Office of the Industrial Tribunal and the Fair Employment Tribunal

Non-Departmental Public Body overview
- Jurisdiction: Northern Ireland
- Headquarters: Killymeal House, Belfast
- Minister responsible: Minister for the Economy;
- Website: www.economy-ni.gov.uk

= Office of The Industrial Tribunals and The Fair Employment Tribunal =

The Office of the Industrial Tribunals and Fair Employment Tribunal (OITFET) is a Government body in Northern Ireland which is responsible for the facilitation of employment tribunals.
Industrial tribunals are independent judicial bodies in Northern Ireland that hear and determine claims to do with employment matters. These include a range of claims relating to unfair dismissal, breach of contract, wages and other payments as well as discrimination on the grounds of sex, race discrimination, disability discrimination, sexual orientation, age, part-time working and equal pay. The Fair Employment Tribunal is an independent judicial body in Northern Ireland that hears and determines complaints of discrimination on the grounds of religious belief or political opinion.
It is staffed by 59 personnel responsible for the administration and organisation of the tribunals. The staff are provided by the Department for the Economy (DfE) and the team is led by the Secretary of the Tribunals.

==Industrial Tribunals==
The jurisdiction of an industrial tribunal to hear and determine complaints is subject to Article 85 of the Fair Employment and Treatment (Northern Ireland) Order 1998.

Where a complaint has been made to the Fair Employment Tribunal of unlawful discrimination on the grounds of religious belief or political opinion and it appears that this complaint is one in respect of which:

  - a complaint could be made to an industrial tribunal under any other statutory provision; or
  - a complaint has been made to an industrial tribunal which has not been disposed of;

then the President or Vice President may direct that these matters shall be heard by the Fair Employment Tribunal and not by an industrial tribunal. For these purposes the Fair Employment Tribunal has the jurisdiction and powers of an industrial tribunal. Before such a direction is made however, a notice will be sent to those concerned, giving them an opportunity to show cause why such a direction should not be made.

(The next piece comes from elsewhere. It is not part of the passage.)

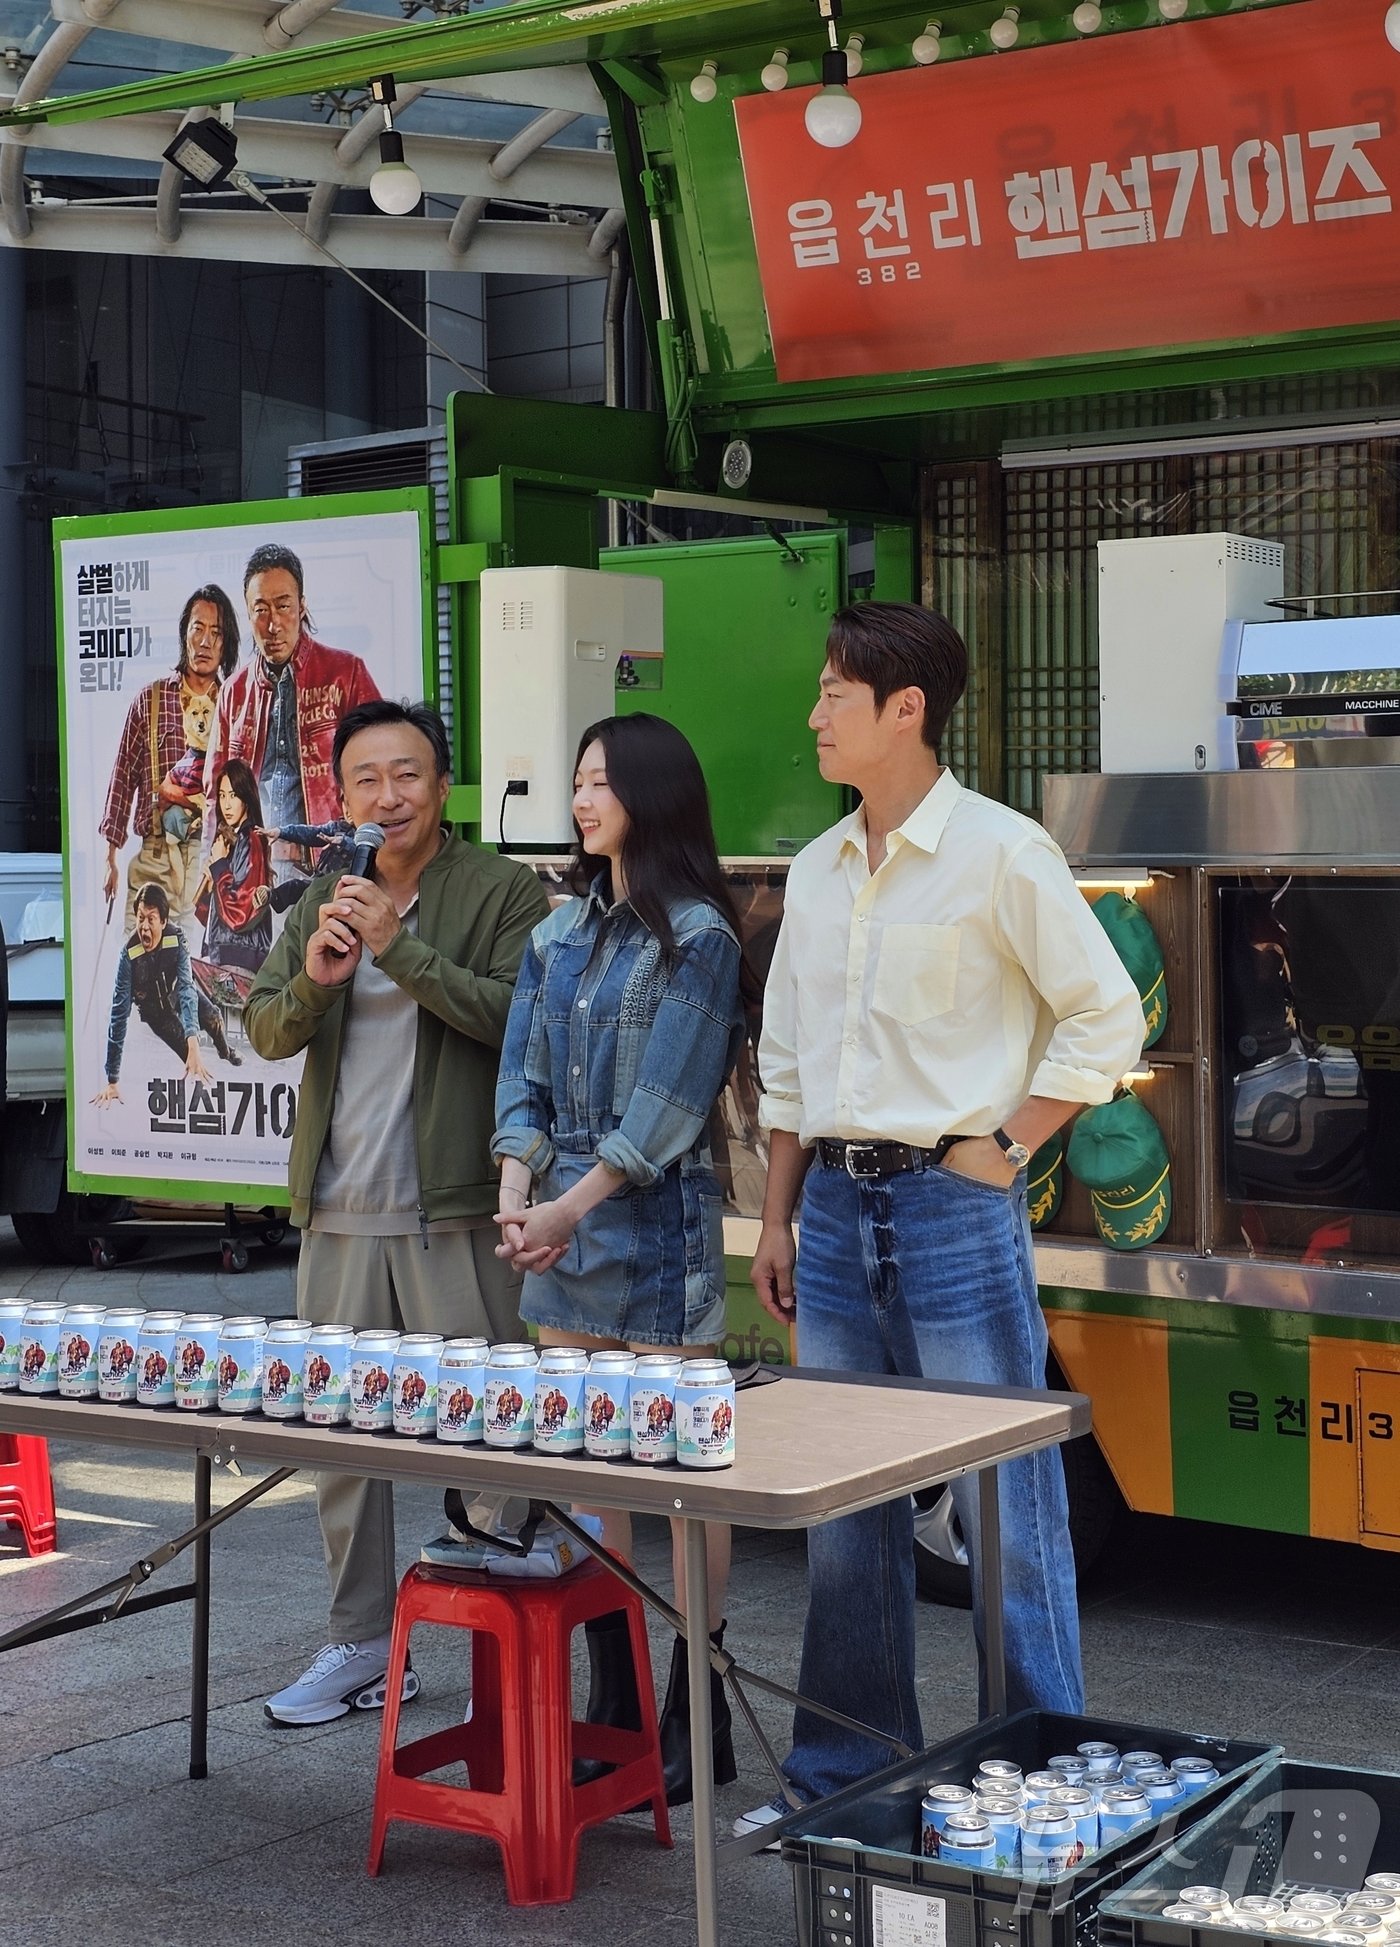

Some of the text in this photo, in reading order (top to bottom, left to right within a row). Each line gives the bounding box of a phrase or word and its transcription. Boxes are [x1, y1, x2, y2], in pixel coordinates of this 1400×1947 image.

Industrial Tribunals sit mainly in Belfast but in certain circumstances may use other centres throughout Northern Ireland.

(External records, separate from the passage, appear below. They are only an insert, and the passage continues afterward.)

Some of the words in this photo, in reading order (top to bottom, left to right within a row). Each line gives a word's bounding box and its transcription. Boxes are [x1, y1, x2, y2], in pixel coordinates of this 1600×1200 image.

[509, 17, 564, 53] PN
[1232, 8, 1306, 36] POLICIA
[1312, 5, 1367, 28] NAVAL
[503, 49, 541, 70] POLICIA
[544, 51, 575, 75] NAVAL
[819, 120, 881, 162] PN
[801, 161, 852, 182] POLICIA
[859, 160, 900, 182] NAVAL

==Fair Employment Tribunals==

The Fair Employment Tribunal deals with claims of discrimination on the grounds of religious belief or political opinion.

The statutory regulations governing its proceedings are The Fair Employment Tribunal (Rules of Procedure) Regulations (Northern Ireland) 2005. Tribunals are like courts but are not as formal; for example, nobody wears a wig or a gown. However like a court it must act independently and cannot give legal advice. Almost all hearings are open to the public. The Fair Employment Tribunal sits in Belfast.
Persons (or other bodies) bringing claims to a tribunal are known as claimants and those against whom such claims are brought are known as respondents.